▶ **Task requirements**
Would you please output only the lines from the one containing "this 1428×1904 image." through the end of the entries below, exactly as written?

▶ **Records for this task**
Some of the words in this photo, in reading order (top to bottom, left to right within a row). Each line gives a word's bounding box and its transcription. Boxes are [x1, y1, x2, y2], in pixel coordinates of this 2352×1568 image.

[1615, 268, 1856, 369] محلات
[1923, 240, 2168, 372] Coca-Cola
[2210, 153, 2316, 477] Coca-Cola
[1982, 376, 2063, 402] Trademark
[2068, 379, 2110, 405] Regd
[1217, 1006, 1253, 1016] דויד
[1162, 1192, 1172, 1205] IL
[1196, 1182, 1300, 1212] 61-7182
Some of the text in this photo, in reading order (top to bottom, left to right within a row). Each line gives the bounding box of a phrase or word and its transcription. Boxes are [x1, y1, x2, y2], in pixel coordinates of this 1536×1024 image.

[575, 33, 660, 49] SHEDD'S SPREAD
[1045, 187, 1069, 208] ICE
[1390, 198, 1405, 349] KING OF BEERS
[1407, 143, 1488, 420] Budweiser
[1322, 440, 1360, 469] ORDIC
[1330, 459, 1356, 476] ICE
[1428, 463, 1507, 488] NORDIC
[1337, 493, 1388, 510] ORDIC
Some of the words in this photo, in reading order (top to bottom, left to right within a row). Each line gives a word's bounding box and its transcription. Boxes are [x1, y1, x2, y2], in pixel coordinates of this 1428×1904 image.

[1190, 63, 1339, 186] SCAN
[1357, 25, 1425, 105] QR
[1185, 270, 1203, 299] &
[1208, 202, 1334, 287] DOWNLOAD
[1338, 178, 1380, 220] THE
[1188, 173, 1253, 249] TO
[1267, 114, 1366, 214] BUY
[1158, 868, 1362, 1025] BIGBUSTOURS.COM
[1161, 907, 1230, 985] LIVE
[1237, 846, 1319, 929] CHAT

▶ **Solution below**
Some of the words in this photo, in reading order (top to bottom, left to right within a row). Each line gives a word's bounding box and its transcription. Boxes are [x1, y1, x2, y2], in pixel coordinates of this 1428×1904 image.

[1190, 63, 1339, 186] SCAN
[1357, 25, 1425, 105] QR
[1185, 270, 1203, 299] &
[1208, 202, 1334, 287] DOWNLOAD
[1338, 178, 1380, 220] THE
[1188, 173, 1253, 249] TO
[1267, 114, 1366, 214] BUY
[1158, 868, 1362, 1025] BIGBUSTOURS.COM
[1161, 907, 1230, 985] LIVE
[1237, 846, 1319, 929] CHAT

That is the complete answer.